The rain has a way of disarming people, maybe it really puts us all in the same place.
I am going to miss this land, its glorious temples, but mostly, the spirit of its people.
I will be glad to be “home”, but I will miss them and I wish I could have truly known them.
Tonight is my last night in Siem Reap. Tomorrow, after the rooster will assuredly awaken me at 5 AM (a family lives beside the riverside hotel I’m at, and they own at least one rooster, several chickens, a chill dog and let us not forget, a pen of loud pigs that like to fight or pout after midnight) like my first morning here, I am taking an early morning bus to Phnom Penh. I have inquired and heard that the road there is paved and much better than the one to Poipet.
It has been raining profusely the past three hours. It began for me when I was at Prean Thah (I believe; there are so many of them), the last temple that I visited today. It was remarkable how beautiful the crumbling, decaying, mossy-gray temples truly fit in the scheme of its surrounding lush forest, once the sky darkened and the rains brought life to the open hallways of the temple. I put my poncho on but kept the hood off since I wanted the rains to wash all over my eyes, my face.
Once I passed a bridge to the temple, by now potched up with big, growing puddles, I came to a dusty clearing typical of any big site here, where lines of wooden shacks hawk and sell water (much needed in this heat!), paintings of all that is Angkor, souvenirs, and fresh coconut or other yummy fruit juices. Even in the heavy downpour, one of the young Khmer girls, the ones constantly trying to sell you a ream of postcards or bracelets, was still out in the open, past the shacks, beneath some huge trees, sad-eyed but still pitching her goods. It was a sad moment.

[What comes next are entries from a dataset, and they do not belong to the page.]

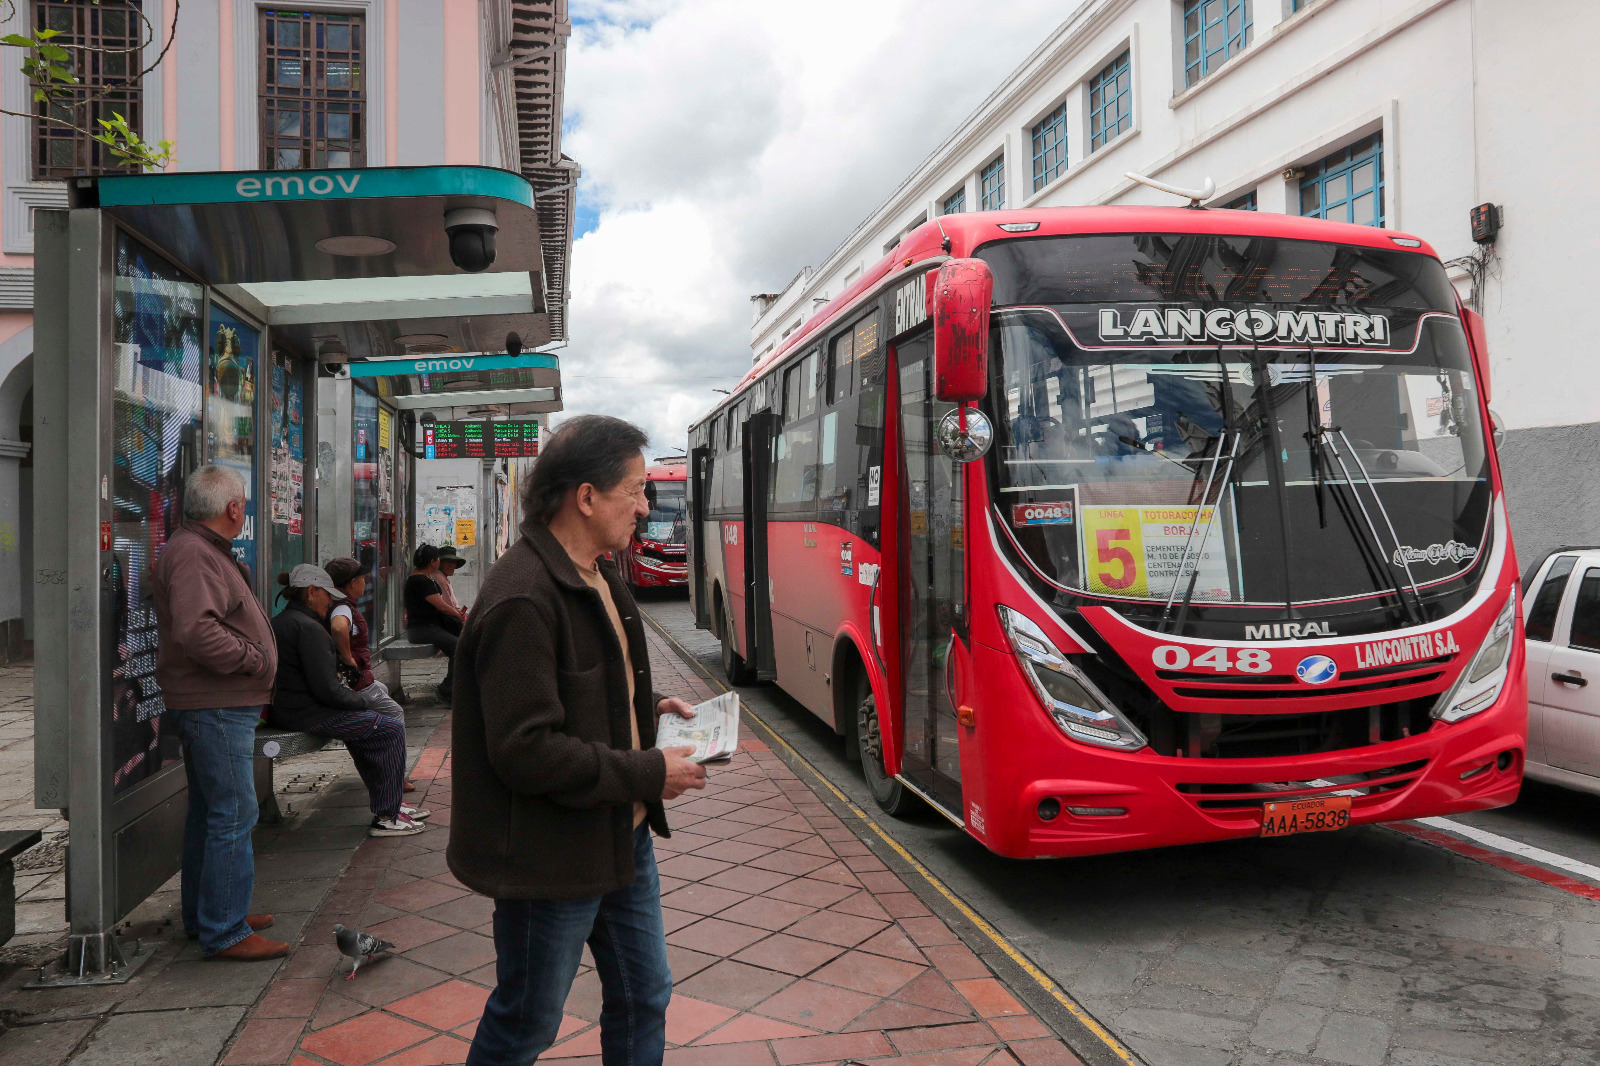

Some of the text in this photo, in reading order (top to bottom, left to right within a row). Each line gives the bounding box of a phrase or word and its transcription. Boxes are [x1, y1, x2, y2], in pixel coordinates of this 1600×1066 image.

[236, 174, 361, 198] emov
[896, 273, 927, 336] ENTRAD
[1099, 308, 1391, 346] LANCOMTRI
[414, 358, 475, 371] emov
[1025, 507, 1062, 519] 0048
[649, 526, 658, 538] 3
[724, 525, 738, 545] 048
[1164, 525, 1200, 535] BORJA
[1096, 528, 1136, 589] 5
[1245, 621, 1338, 640] MIRAL
[1152, 645, 1272, 673] 048
[1354, 630, 1460, 669] LANCOMTRI S.A.
[1292, 800, 1325, 810] ECUADOR
[1265, 809, 1348, 834] AAA-5838

So back in town, the curbs are just absolutely flooded to ankle-deep, muddy brown water. I only got splashed once, and not badly, by a cart that drove along it. It was refreshing to run and balance on the curbs and skip across the sidewalk and road (not always clear because of the absence of one, and you can guess which one) in my best attempt to avoid a puddle or a muddy spill. I think some of the Khmers, sitting beside their shops or inside their garage size homes, thought it was funny that a "tourist" (come on, we're all tourists) had decided to hoof it, hood off, instead of wisely taking a hooded tuk-tuk home.
If only they knew.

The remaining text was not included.